その20:油断
「それにしても、よくお分かりになりましたな、シングマス王」
ハンターが尋ねると、シングマス五世は口元を緩めてみせた。
「あいつだけ緊張しているというよりも、我を失っているといった感じだった。異常な汗のかき方をしてたし、全身も震えていた」
「さすがはシングマス五世です」
「そういう君も、彼のようすに気がついていたようだが?」
「いえ、わたしはシングマス五世の反応で、ようやく気がついたに過ぎません」
「鳥肌が立ってくる喋り方だな」
「ええ、お互いに」
二人の両肩が、小刻みに震え始める。そして同時に、声を高々に笑い始めていた。
「まあなんにせよ、これで安心して会食を楽しめるってもんだ」
「まったくです……」
ふとした気の緩み――油断が、シングマス五世とハンターを包み込む。それが事件の発展へとつながるとも知らずに。
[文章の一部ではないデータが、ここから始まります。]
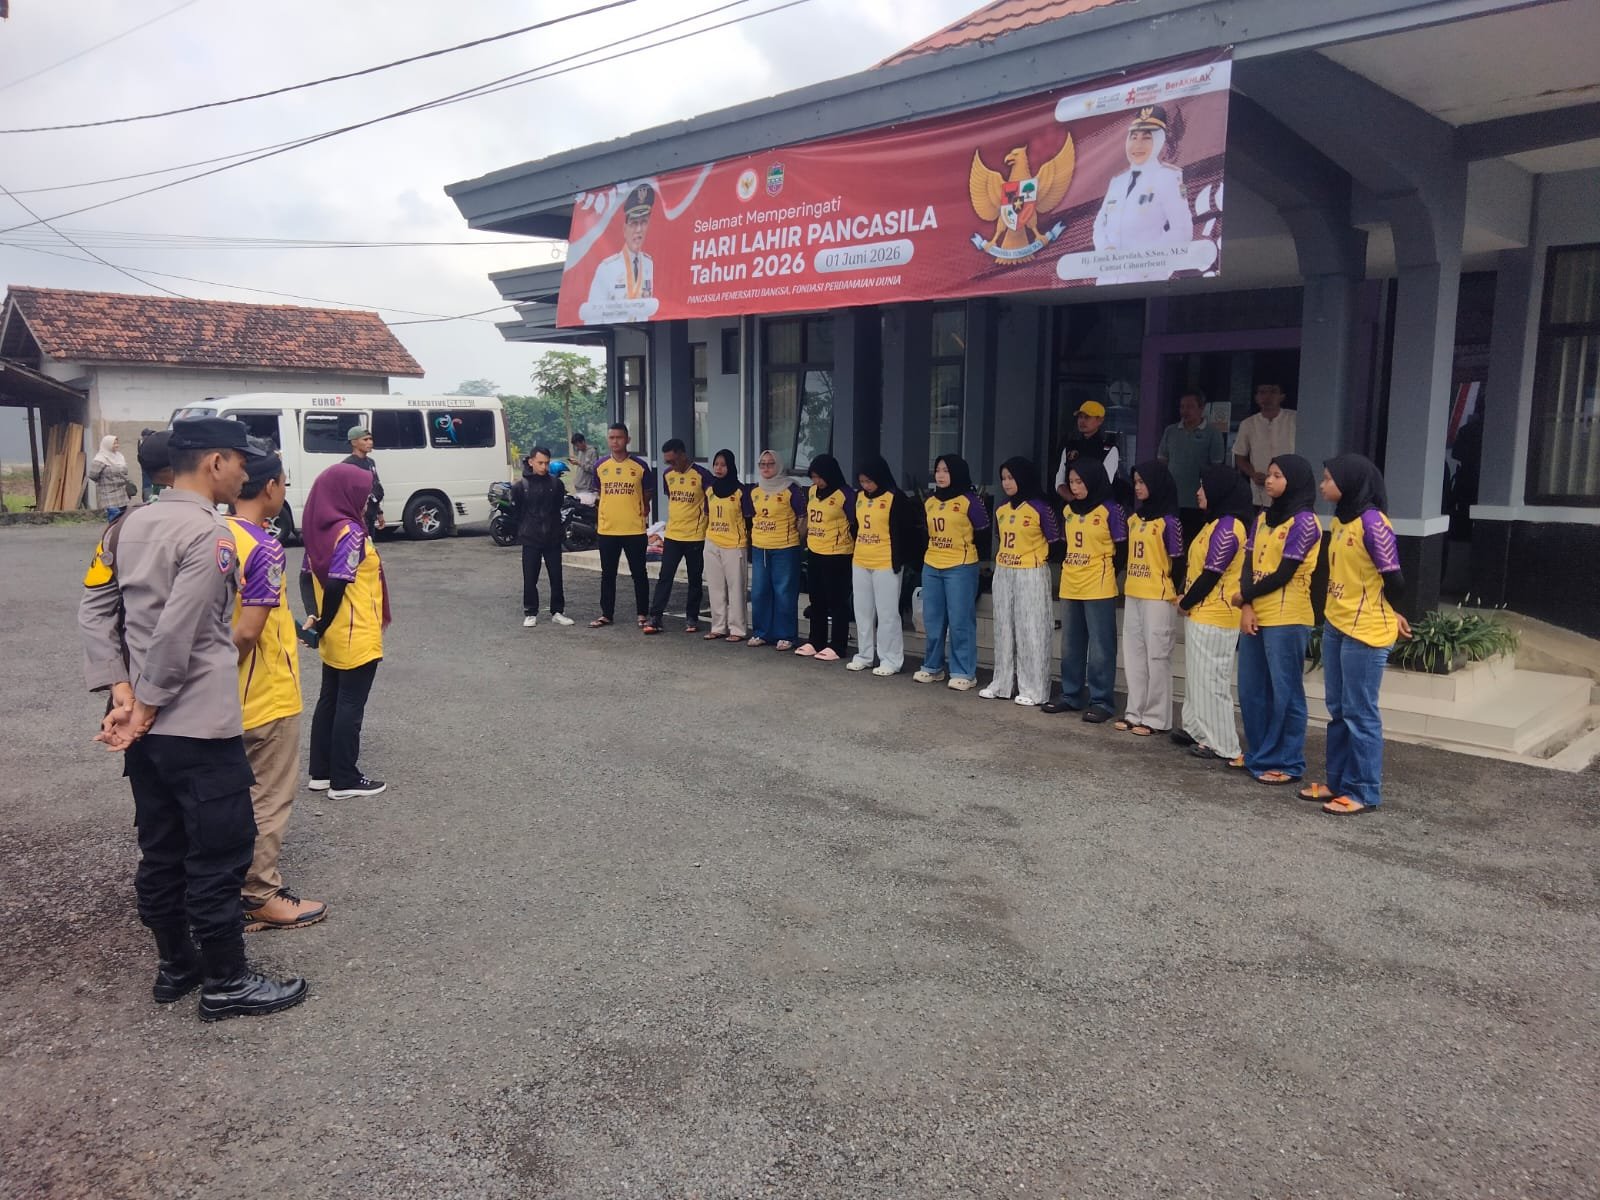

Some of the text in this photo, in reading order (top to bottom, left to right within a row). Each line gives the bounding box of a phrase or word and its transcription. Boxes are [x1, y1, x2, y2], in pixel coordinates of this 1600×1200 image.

[694, 195, 842, 233] Selamat Memperingati
[691, 205, 938, 260] HARI LAHIR PANCASILA
[825, 246, 901, 267] 01 Juni 2026
[690, 252, 805, 285] Tahun 2026
[687, 293, 720, 304] PANCASILA
[721, 289, 761, 301] PEMERSATU
[791, 282, 824, 295] FONDASI
[824, 277, 875, 292] PERDAMAIAN
[875, 274, 902, 287] DUNIA
[716, 505, 723, 518] 11
[761, 508, 769, 518] 2
[810, 509, 823, 523] 20
[863, 515, 871, 529] 5
[933, 517, 945, 532] 10
[1004, 531, 1016, 549] 12
[1075, 531, 1083, 548] 9
[1133, 541, 1144, 559] 13
今度は三度の銃声が、広い部屋の中へと反響した。ハンターとシングマス五世が、懐にしまいかけていた銃を慌てて引き抜く。
銃の持ち主は第三部隊候補の女性だった。不気味に微笑む女性の拳銃は、天井へと向けられている。
自然と天井へと向けられた視線に、大きく映し出されるシャンデリア。だんだんと大きくなっていくそれは、無残にもテーブルの上へと落下していった。
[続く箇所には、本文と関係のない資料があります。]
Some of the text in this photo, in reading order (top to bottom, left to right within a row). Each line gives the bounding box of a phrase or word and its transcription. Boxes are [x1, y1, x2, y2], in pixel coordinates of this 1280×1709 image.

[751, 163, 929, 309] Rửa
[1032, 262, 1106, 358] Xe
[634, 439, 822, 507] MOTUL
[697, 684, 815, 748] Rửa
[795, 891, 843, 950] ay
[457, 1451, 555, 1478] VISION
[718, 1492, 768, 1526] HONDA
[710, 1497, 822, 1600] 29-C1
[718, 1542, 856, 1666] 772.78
シェラも含め、テーブルについていた面々が慌てて飛びのく。
耳をつんざく轟音と共に、砕け散るシャンデリア。同時に魔術師候補の一人が、シャンデリアに水をかけた。
ろうそくの火はあっさりと消え、部屋の中は一瞬にして暗闇と化した。
「くそっ!」
ハンターは懐から発光弾を取り出すと、パイソン四インチへと詰め込む。そして壁へと銃口を向け、引き金を引いた。
弾丸が命中すると同時に、飛び散る発光液。薄暗く照らされる室内は、すでに終息へと向かっていた。
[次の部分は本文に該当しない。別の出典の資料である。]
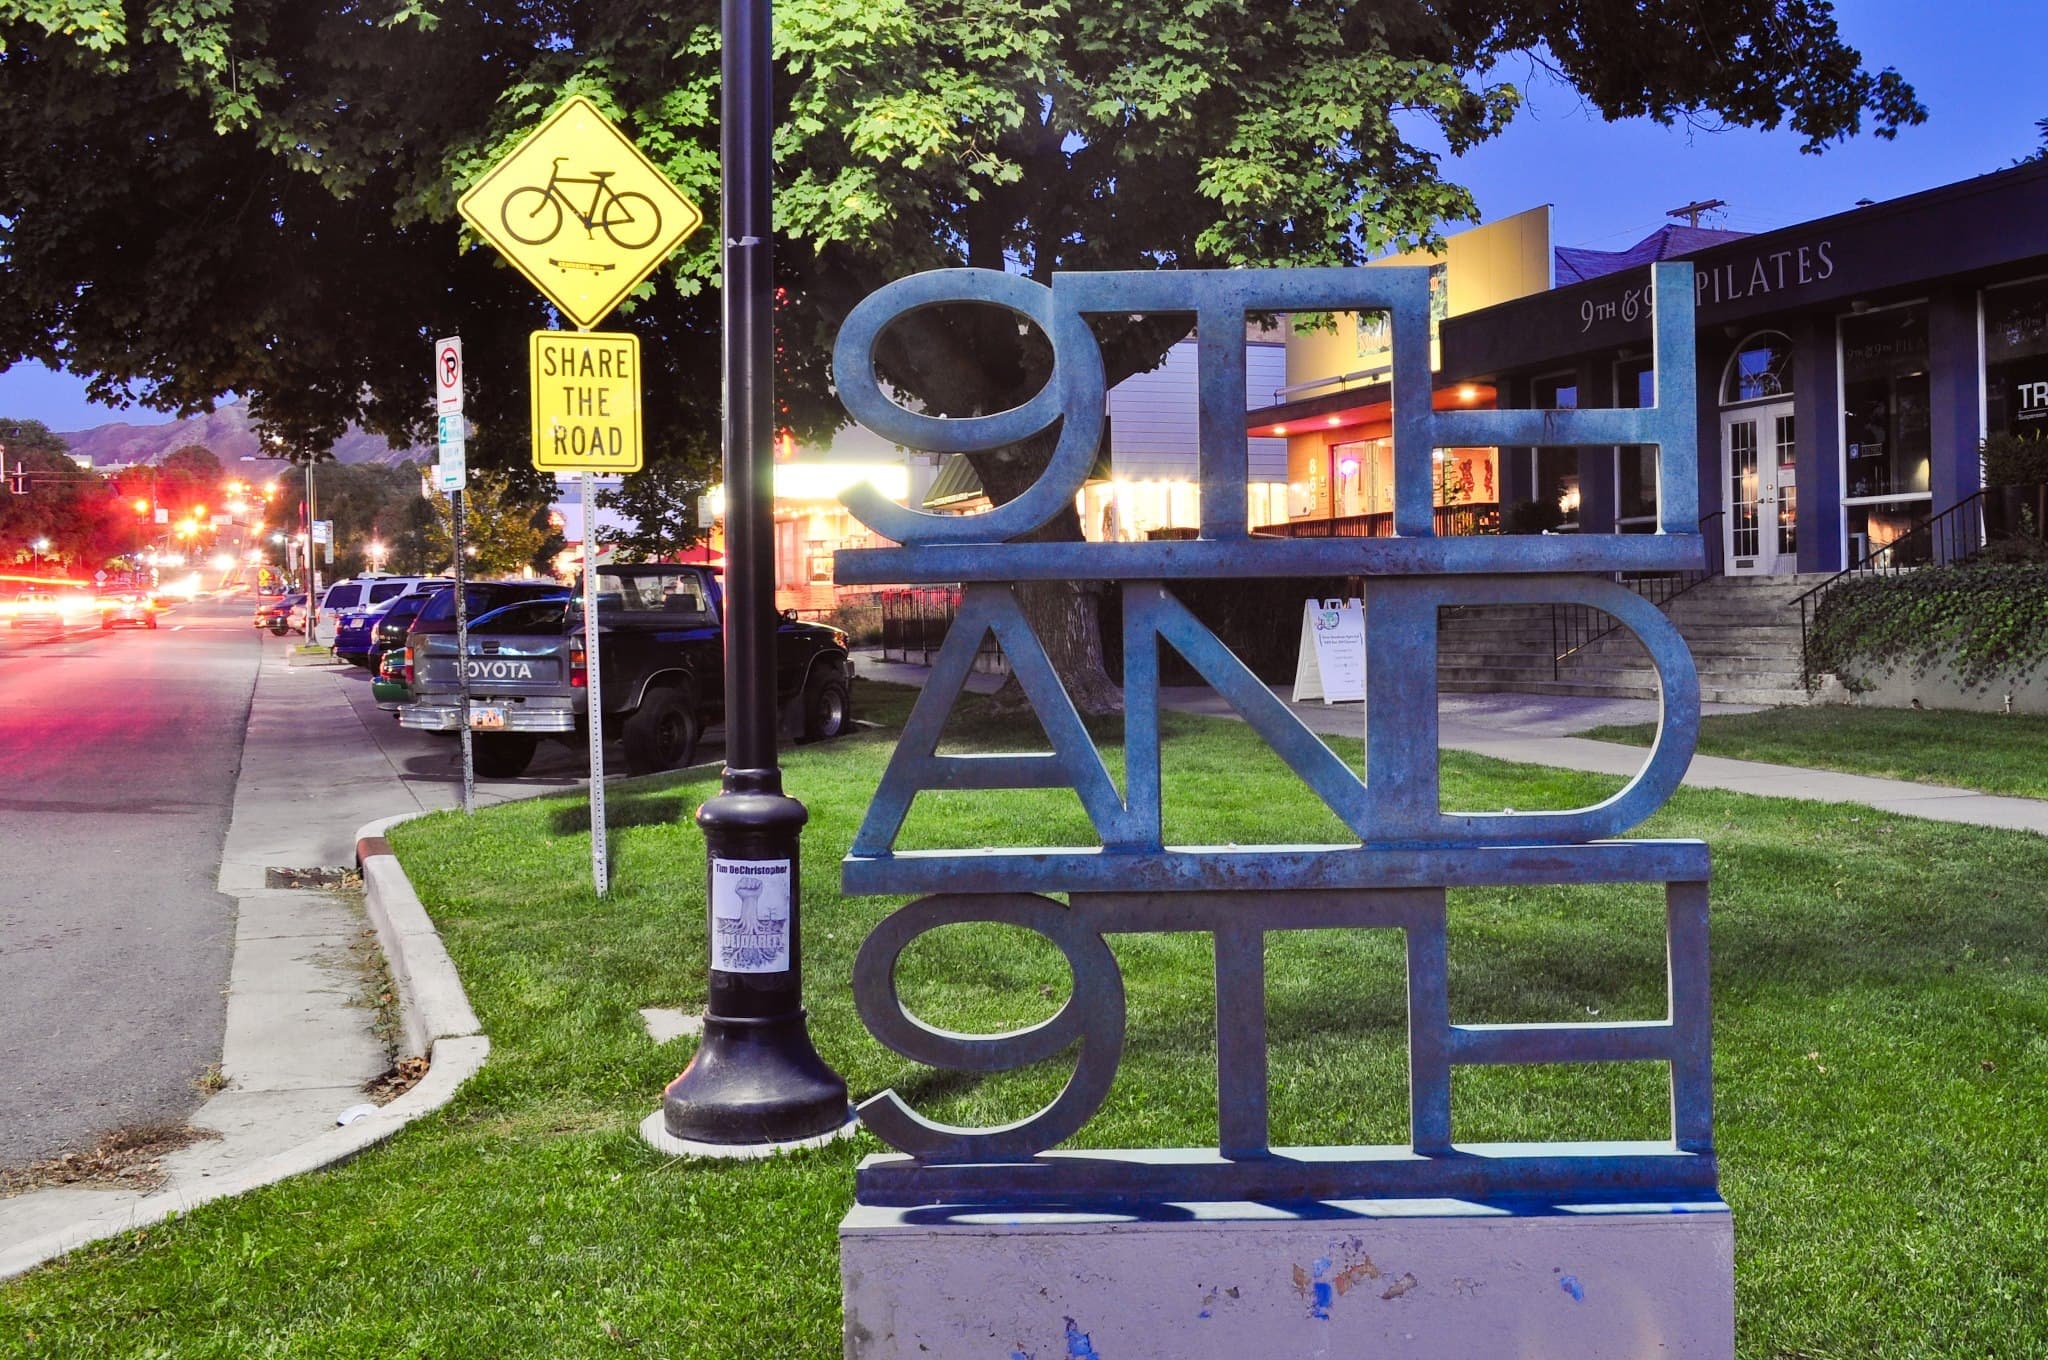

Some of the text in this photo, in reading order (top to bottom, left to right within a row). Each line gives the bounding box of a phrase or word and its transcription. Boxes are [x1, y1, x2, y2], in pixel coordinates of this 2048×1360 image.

[1580, 300, 1617, 333] 9TH
[1621, 289, 1641, 322] &
[1695, 241, 1834, 307] PILATES
[544, 346, 629, 378] SHARE
[562, 386, 610, 417] THE
[833, 262, 1698, 545] 9TH
[554, 425, 622, 456] ROAD
[452, 661, 532, 679] TOYOTA
[849, 573, 1701, 858] AND
[716, 863, 788, 876] Tim DeChristopher
[852, 882, 1713, 1164] 9TH
ハンターの横には、同じ第三部隊候補の女性二人、銃口はハンターへと向けられている。
シェラには第二部隊候補の杖が向けられ、情けないことに両手を上げていた。
ファリスは懐の拳銃を、第二部隊長は杖をそれぞれ握っている。だが、すでに第四部隊候補の短剣が、それぞれの喉下へと突きつけられている。
そしてシングマス五世は、第一部隊候補の剣が心臓、首筋へと向けられていた。残りの一人はシングマス五世が握っていた拳銃――四五四カスールを没収している。
「まさか……全員が?」
ハンターが呟くと、こめかみに銃口を押し付けられた。持っていた拳銃を落とし、両手を上げる。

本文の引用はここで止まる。